::: Data listing :::

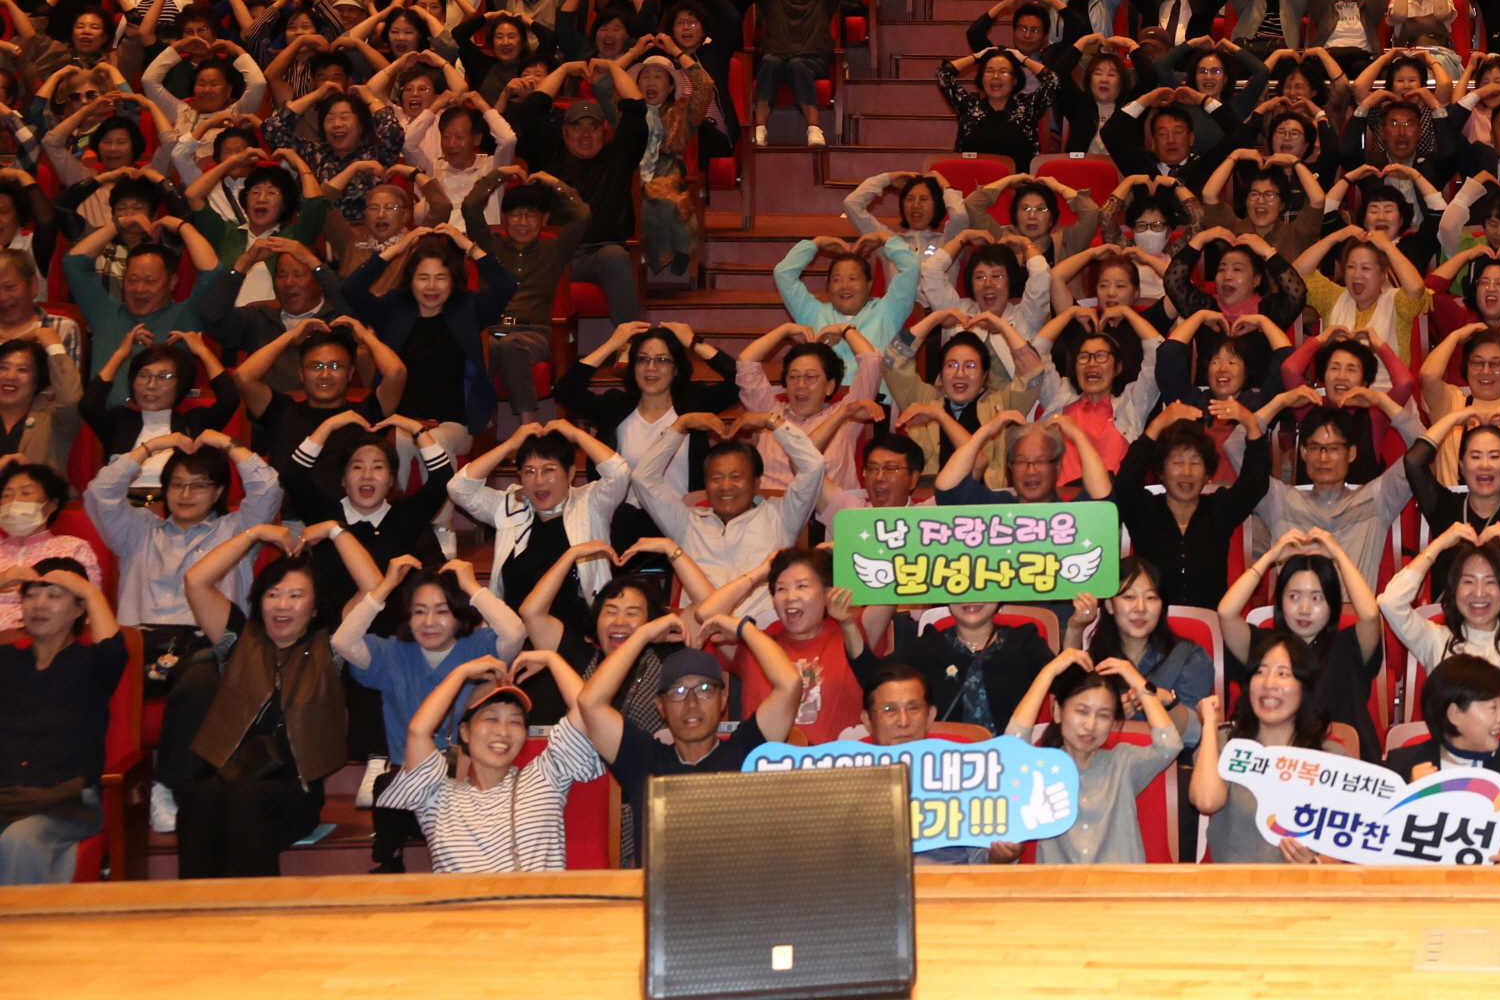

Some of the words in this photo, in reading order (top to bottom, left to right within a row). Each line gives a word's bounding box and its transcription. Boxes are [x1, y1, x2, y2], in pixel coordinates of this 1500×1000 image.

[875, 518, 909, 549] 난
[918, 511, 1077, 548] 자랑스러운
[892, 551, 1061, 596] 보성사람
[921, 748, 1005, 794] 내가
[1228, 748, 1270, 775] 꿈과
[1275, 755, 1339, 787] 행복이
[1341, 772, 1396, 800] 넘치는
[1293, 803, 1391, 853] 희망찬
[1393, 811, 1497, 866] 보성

:::

- [To do]
Word for word, write out each line of the records, but leave the pictures behind.

- [Solution]
Some of the words in this photo, in reading order (top to bottom, left to right within a row). Each line gives a word's bounding box and its transcription. Boxes are [x1, y1, x2, y2], in pixel coordinates of this 1500×1000 image.

[875, 518, 909, 549] 난
[918, 511, 1077, 548] 자랑스러운
[892, 551, 1061, 596] 보성사람
[921, 748, 1005, 794] 내가
[1228, 748, 1270, 775] 꿈과
[1275, 755, 1339, 787] 행복이
[1341, 772, 1396, 800] 넘치는
[1293, 803, 1391, 853] 희망찬
[1393, 811, 1497, 866] 보성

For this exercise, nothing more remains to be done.